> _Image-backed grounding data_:
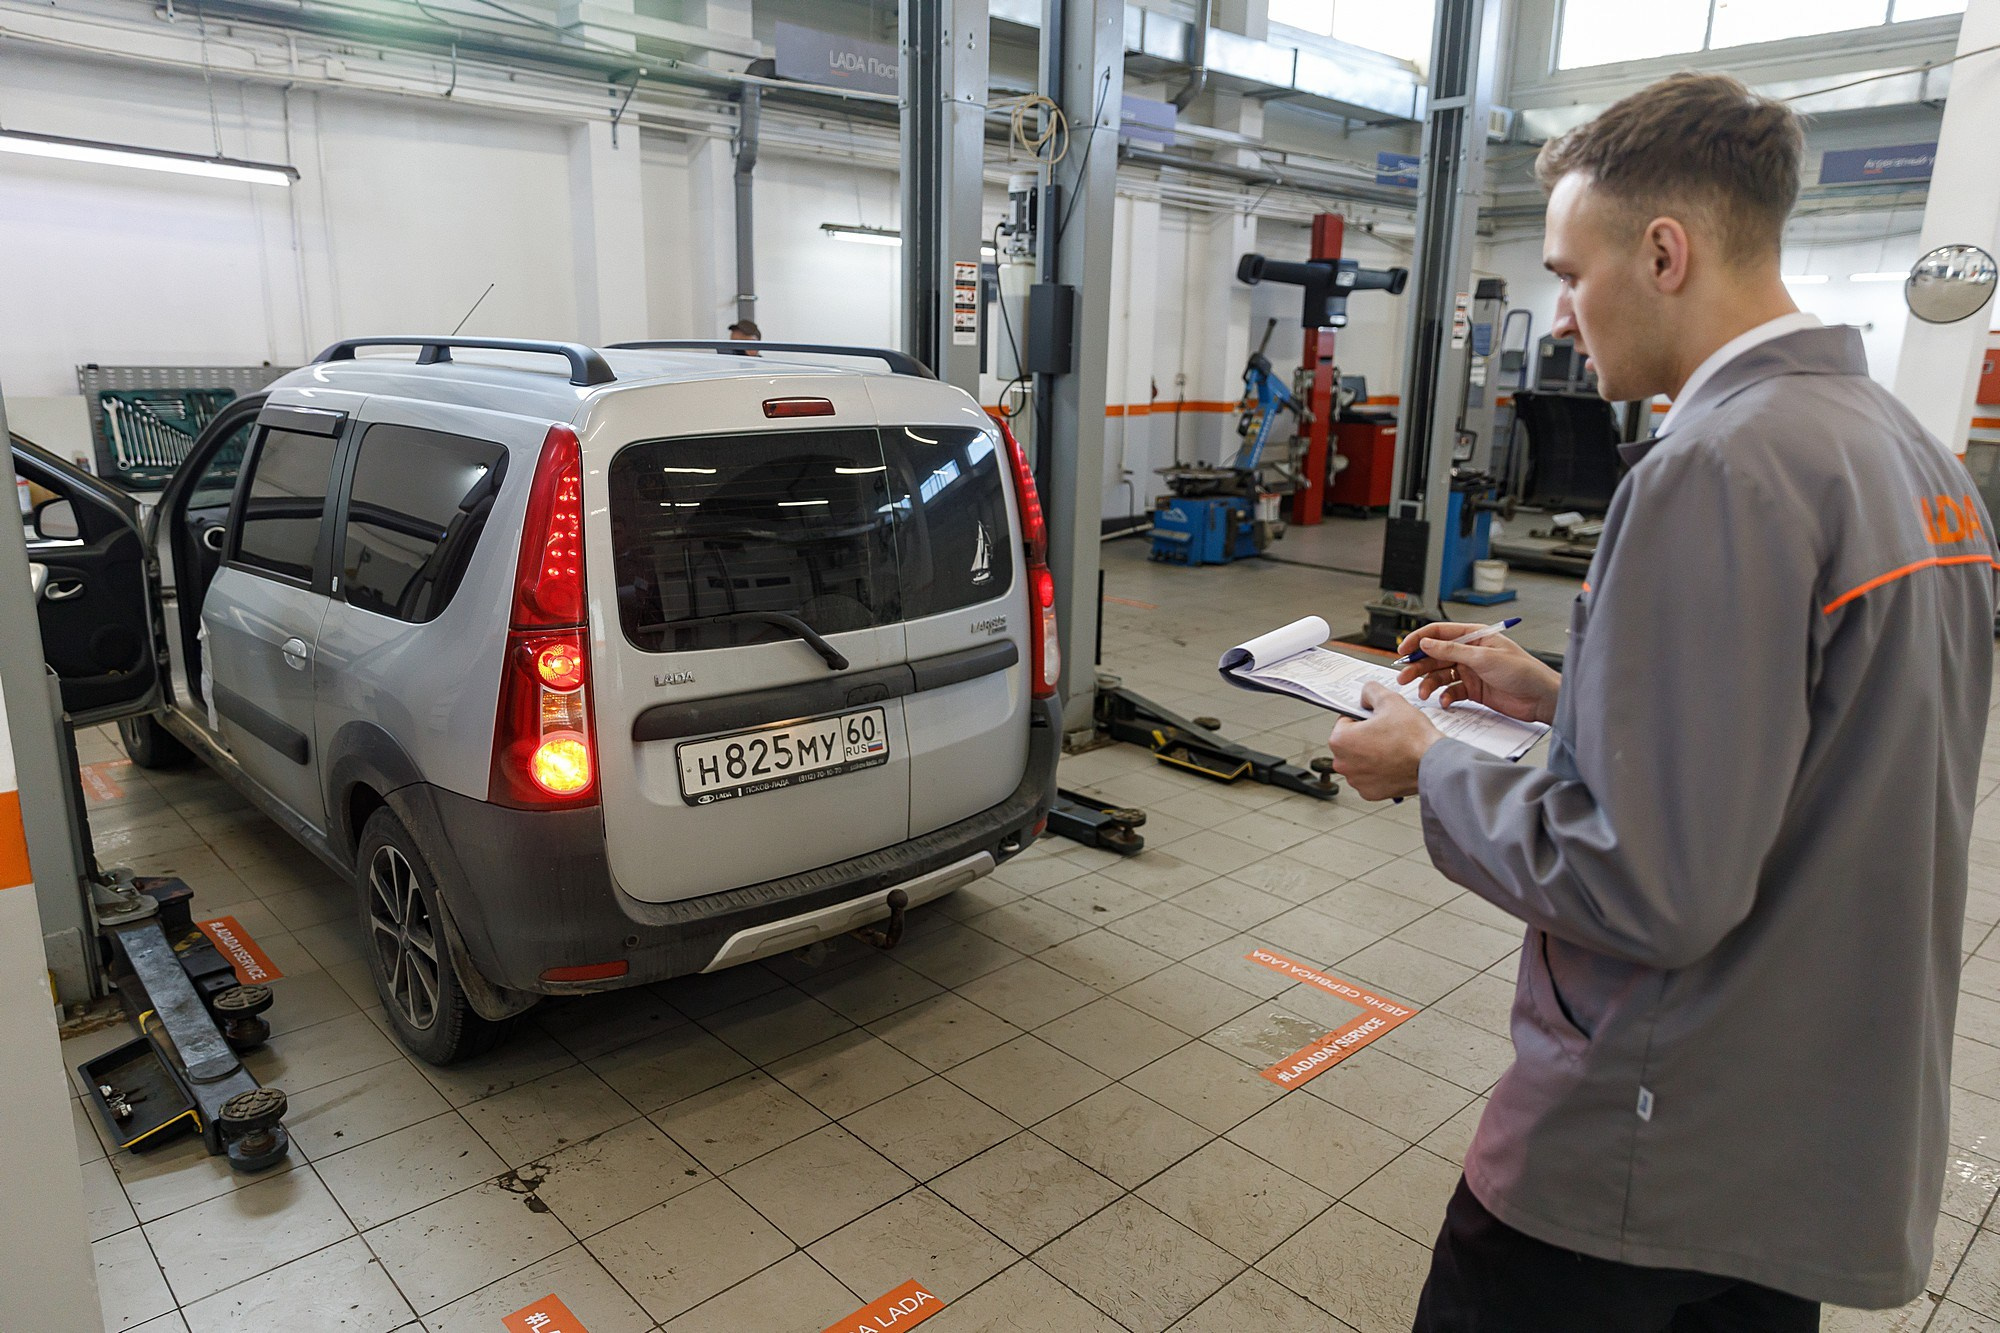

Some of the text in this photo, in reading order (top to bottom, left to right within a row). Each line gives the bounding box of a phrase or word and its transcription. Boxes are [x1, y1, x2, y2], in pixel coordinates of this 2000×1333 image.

[829, 50, 867, 73] LADA
[653, 670, 696, 687] LADA
[847, 715, 875, 744] 60
[846, 744, 868, 757] RUS
[208, 921, 268, 981] #LADADAYSERVICE
[1252, 950, 1409, 1017] ДЕНЬ СЕРВИСА LADA
[1276, 1017, 1386, 1083] #LADADAYSERVICE
[874, 1290, 935, 1328] LADA
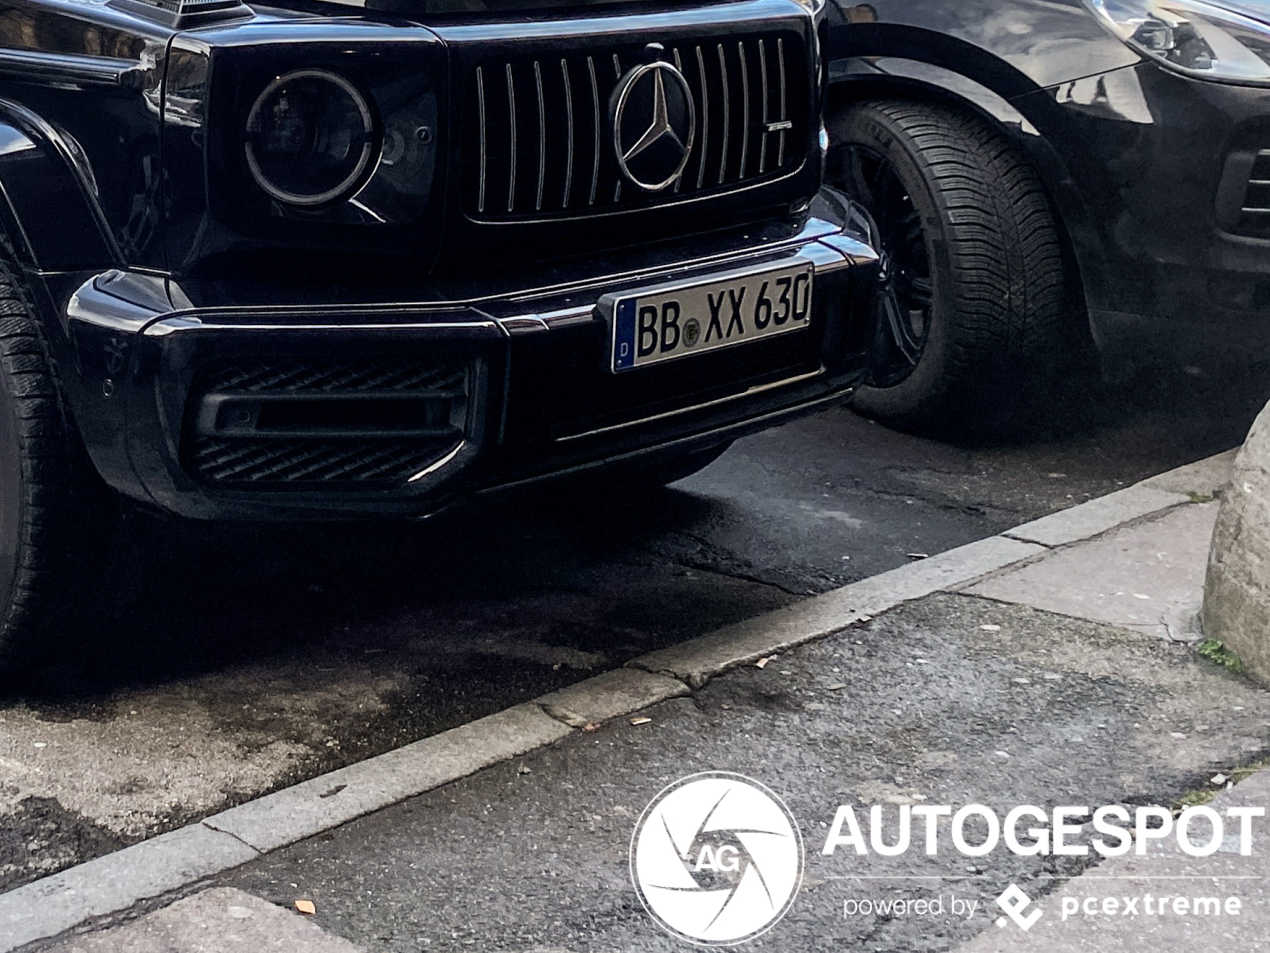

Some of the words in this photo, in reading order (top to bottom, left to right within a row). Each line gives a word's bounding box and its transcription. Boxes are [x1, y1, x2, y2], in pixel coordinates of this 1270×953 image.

> _WHAT TO WORK ON_: When you copy the data above, reproduce each line exactly and skip every image.

> _YOUR RESPONSE_:
Some of the text in this photo, in reading order (top to bottom, left to right within a row). Each line gives the bounding box of a phrase or word and its transcription. Boxes are [x1, y1, x2, y2], in pixel coordinates of this 2000×1333 image.

[829, 50, 867, 73] LADA
[653, 670, 696, 687] LADA
[847, 715, 875, 744] 60
[846, 744, 868, 757] RUS
[208, 921, 268, 981] #LADADAYSERVICE
[1252, 950, 1409, 1017] ДЕНЬ СЕРВИСА LADA
[1276, 1017, 1386, 1083] #LADADAYSERVICE
[874, 1290, 935, 1328] LADA

Some of the words in this photo, in reading order (top to bottom, left to right within a row). Each line gives a word's bounding box and its transcription. Boxes are [x1, y1, x2, y2], in pixel coordinates of this 1270×953 image.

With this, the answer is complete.